イートインも出来るようで、アイスのチョコレートドリンクを買って飲む。そして今日の帰りにみんなで食べようとアソートボックスとココナッツチョコクッキーも買った。
「甘い」
「でも美味しいよ」
「そうだな」
「春樹」
「うん?」
「僕、今幸せだよ。素敵な恋人がいて、優しいお兄さんお姉さん達に囲まれて、旅行して。今、幸せ」
「ふふ、そっか」
春樹は僕に優しく微笑みかける。
ああ、幸せだ。
幸せ過ぎて、怖いくらいに、幸せ。
「私も幸せだよ。
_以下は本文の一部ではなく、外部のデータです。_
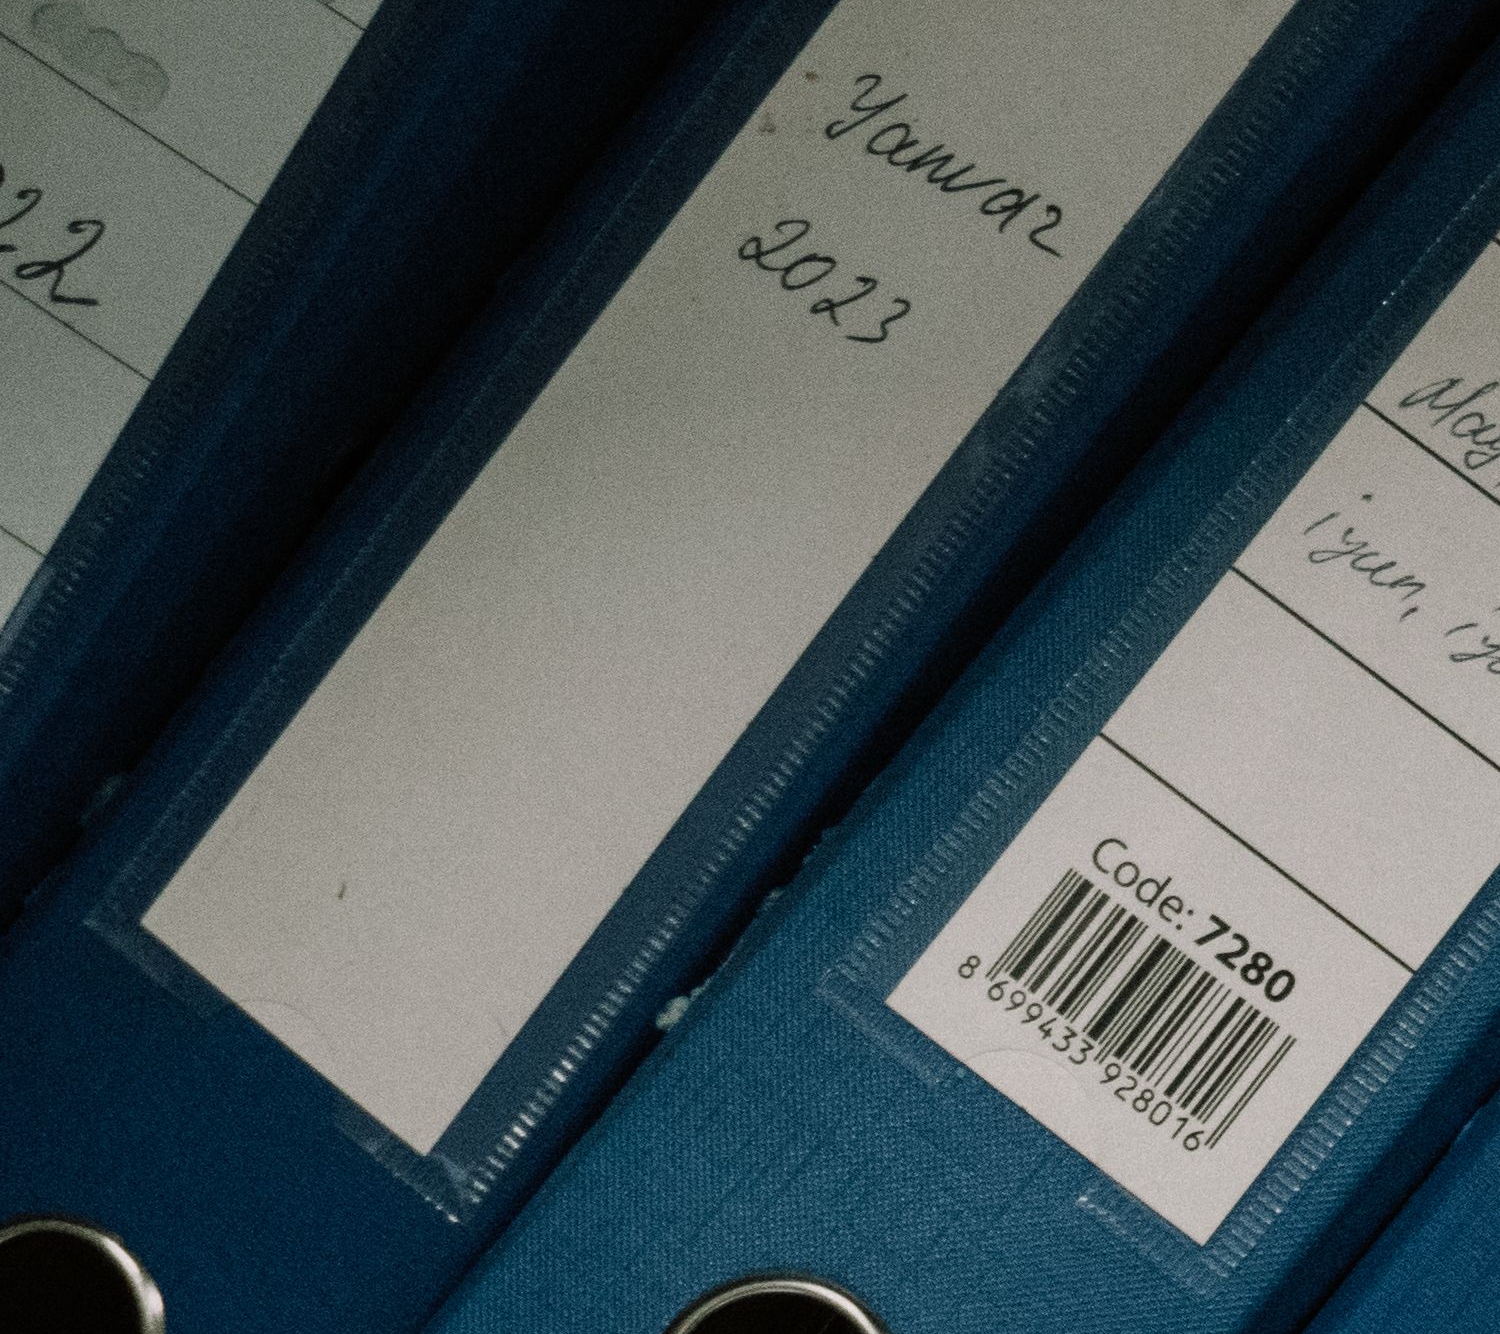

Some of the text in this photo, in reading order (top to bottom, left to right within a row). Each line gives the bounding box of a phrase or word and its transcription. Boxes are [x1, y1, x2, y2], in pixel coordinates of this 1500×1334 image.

お前と出逢えてよかった」
「もう……泣かせないで」
「泣くなよw」
愉快そうに笑う春樹を一生守ろうと、一生愛していこうと思った。
それから少し時間が余ったので、ジャッタバーガーの近くでウィンドウショッピングをしてから、他の4人と合流する。
それからまたレンタカーに乗ってしばらく走り、コンビニで各自夕飯を買って、また走る。
今夜の宿はルネッサンスリゾートオキナワというホテル。
チェックインを済ませ、鍵を受け取り各自カップルで部屋に入る。
僕と春樹は荷物を隅に置いて、ソファーに座り並んで夕飯を食べる。
「……お前、またパスタかよ」
「だって」
「まー、いいけどさ」
パスタを啜る僕の隣で、春樹はお弁当を頬張る。
頬袋にいっぱい詰めて食べるからさながらリスみたい。
夕飯を食べてから少しくつろいで、お風呂に入ろうかという頃。
「なあ、洵、一緒に風呂入る?」
「え、無理」
「なんでだよ」
むくれる春樹にキスする。
春樹は不満そうにしながらも受け入れてくれた。
少しだけ唇を離す。でも、見つめたまま。
「……春樹の裸見たら止まんなくなる自信あるから」
「…………えっち」
明日も早いし、そんなことは出来ない。
仄かに頬を染めた春樹は僕から離れてスーツケースを漁って「じゃあ、先はいるよ?」とお風呂に消えていった。
僕は暇を持て余し、ベッドに横になる。
旅行の心地よい疲れがドッと襲って来て春樹が出てくるまでの数分、寝てしまっていた。
ドスッ
腹に何かが乗った重みで目が覚める。
目を開けると春樹が優しい笑みで僕に乗っかっていた。
「……んん??はるき……??」
またいつもと違う可愛い部屋着を来ている。
今日のワンピースも泪さんとのお揃いだし、今日の寝巻きも一緒に買いに行ったやつなのかな。
「早く風呂入りな?」
「……普通に起こして」
「つまんないじゃん、そんなの」
ほら早く起きる!!
春樹は僕の手を引っ張って僕の身体を起こす。
僕は仕方なしに起き上がりお風呂に入った。
お風呂から出ると、今度は春樹がベッドで寝ていて、僕の寝るスペースを開けてスヤスヤ寝息を立てる姿が可愛くて僕はその額に口付けして春樹が開けていたスペースで僕もまた眠りについた。